A questão levantada pode ter uma amplitude diversa. Mas, imaginemos a hipótese do beneficiado com o empréstimo não ter seu nome incluído no financiamento contraído, por exemplo, não ser o avalista ou fiador. O único responsável para adimplir com a obrigação perante a instituição financeira é aquele que emprestou seu nome e teve seu nome lesado ou ''sujo''.
A dívida não poderá ser transferida para a pessoa que de fato prejudicou o nome de seu amigo ou de quem lhe fez o favor. Todavia, resta ao prejudicado adentrar via judicial com processo de cobrança, desde que haja prova testemunhal ou documental da situação, que comprove ser na realidade o verdadeiro devedor o outro, a quem se fez o favor.
Assim, o que teve seu nome maculado poderá acionar na Justiça aquele que lhe trouxe esse dissabor. Dependendo das circunstâncias, poderá o prejudicado adentrar com processo indenizatório por dano moral, com fulcro no artigo 186 do Código Civil Brasileiro, que estabelece como autor de um ato ilícito aquele que causar dano a outrem, ainda que exclusivamente moral.

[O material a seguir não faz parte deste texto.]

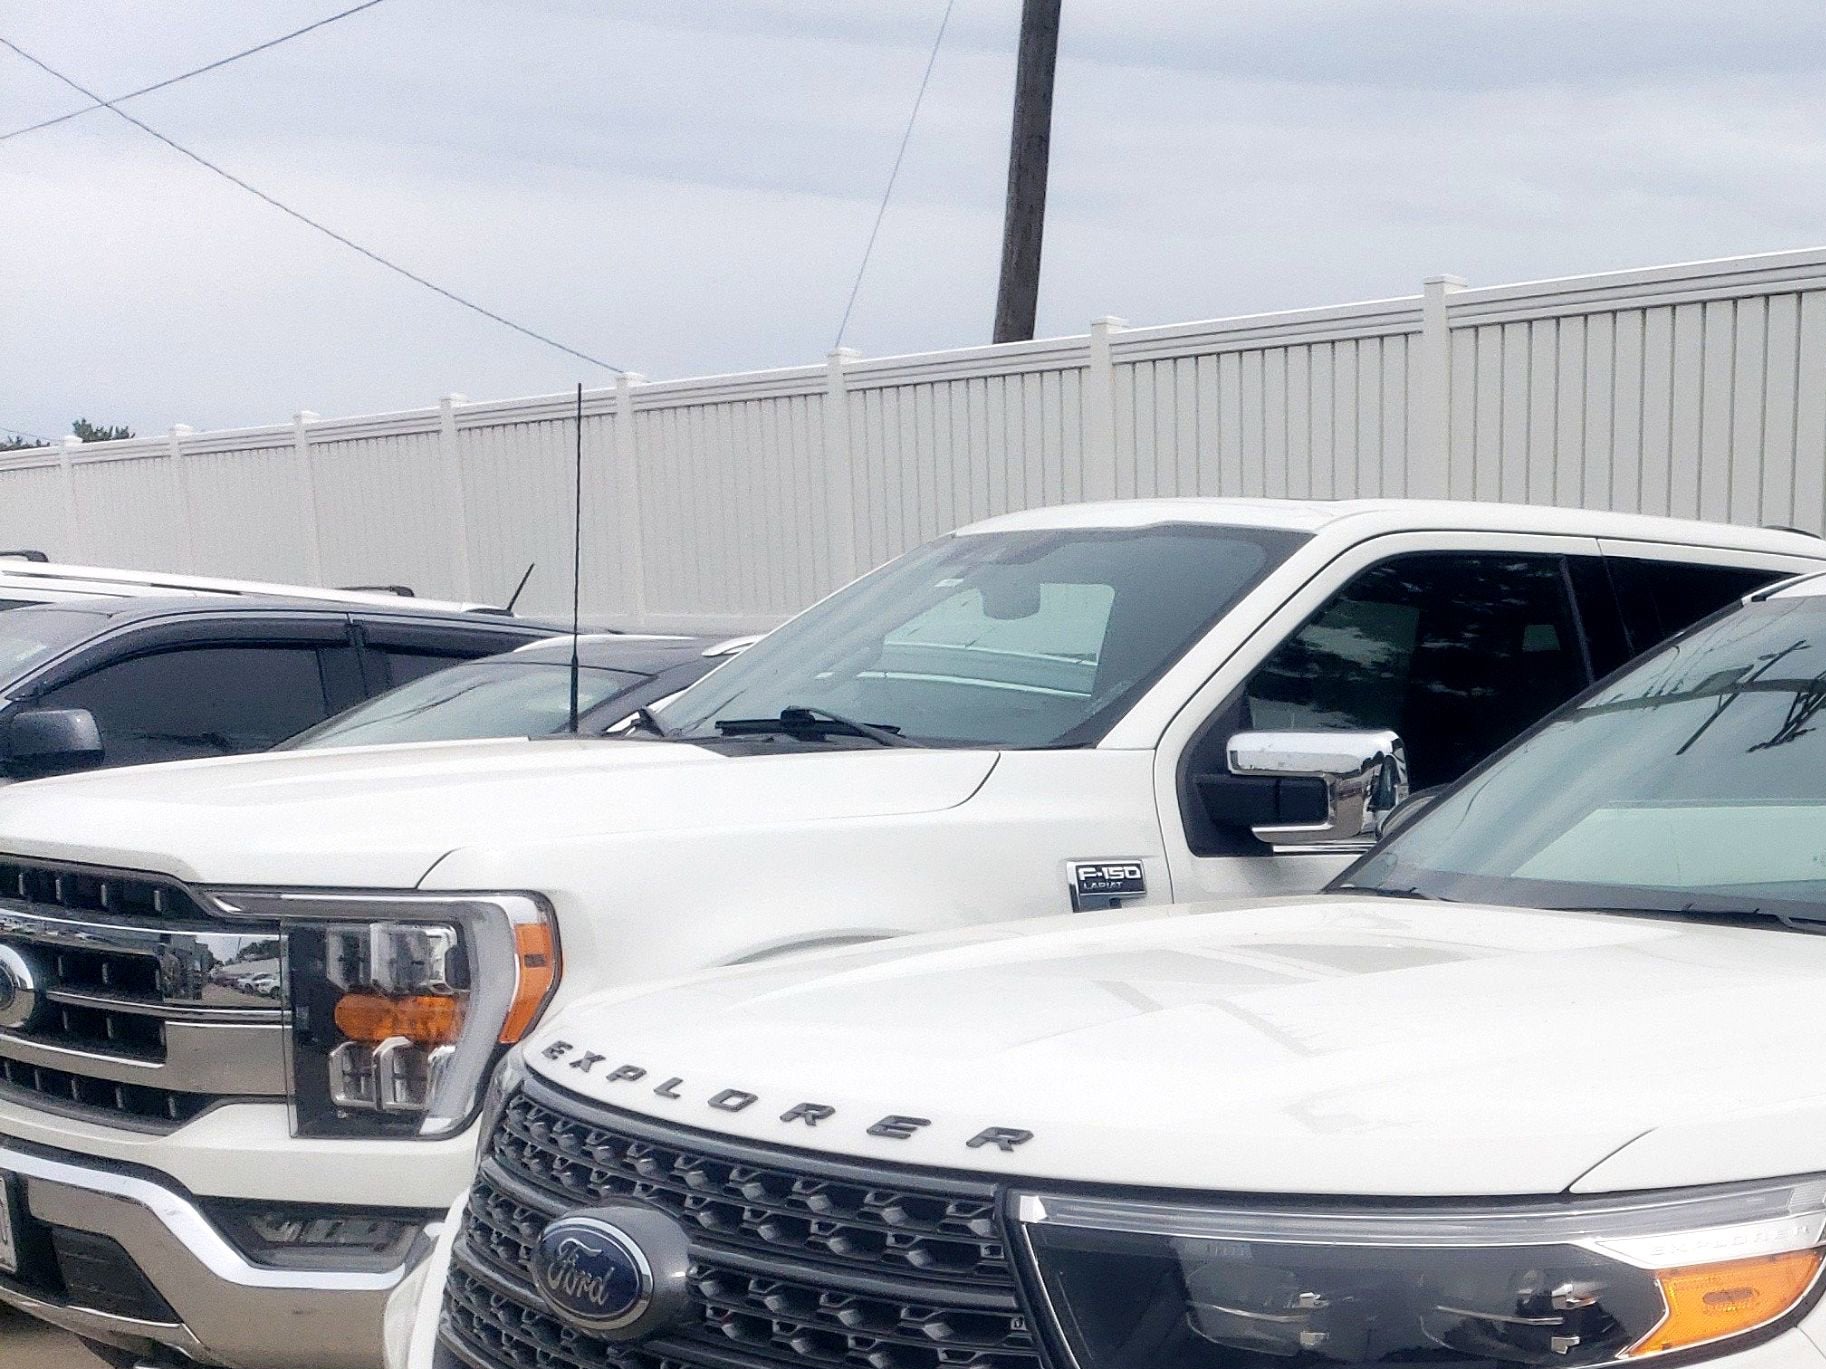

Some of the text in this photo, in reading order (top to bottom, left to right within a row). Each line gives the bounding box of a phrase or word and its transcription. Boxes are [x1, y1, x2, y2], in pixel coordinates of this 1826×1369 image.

[1077, 865, 1142, 881] F-150
[1083, 880, 1124, 890] LARIAT
[541, 1040, 1035, 1152] EXPLORER
[547, 1237, 615, 1305] Ford

Como sabemos, os danos morais são aqueles que acabam por abalar a honra, a boa-fé subjetiva ou a dignidade das pessoas físicas, que foi a situação descrita. Portanto, uma palavra de cautela, para aqueles que emprestam seu nome, financiando um crédito a favor de terceiro, um amigo ou pessoa de confiança, há sério risco de ter seu nome maculado, caso o devedor de fato não cumpra sua obrigação.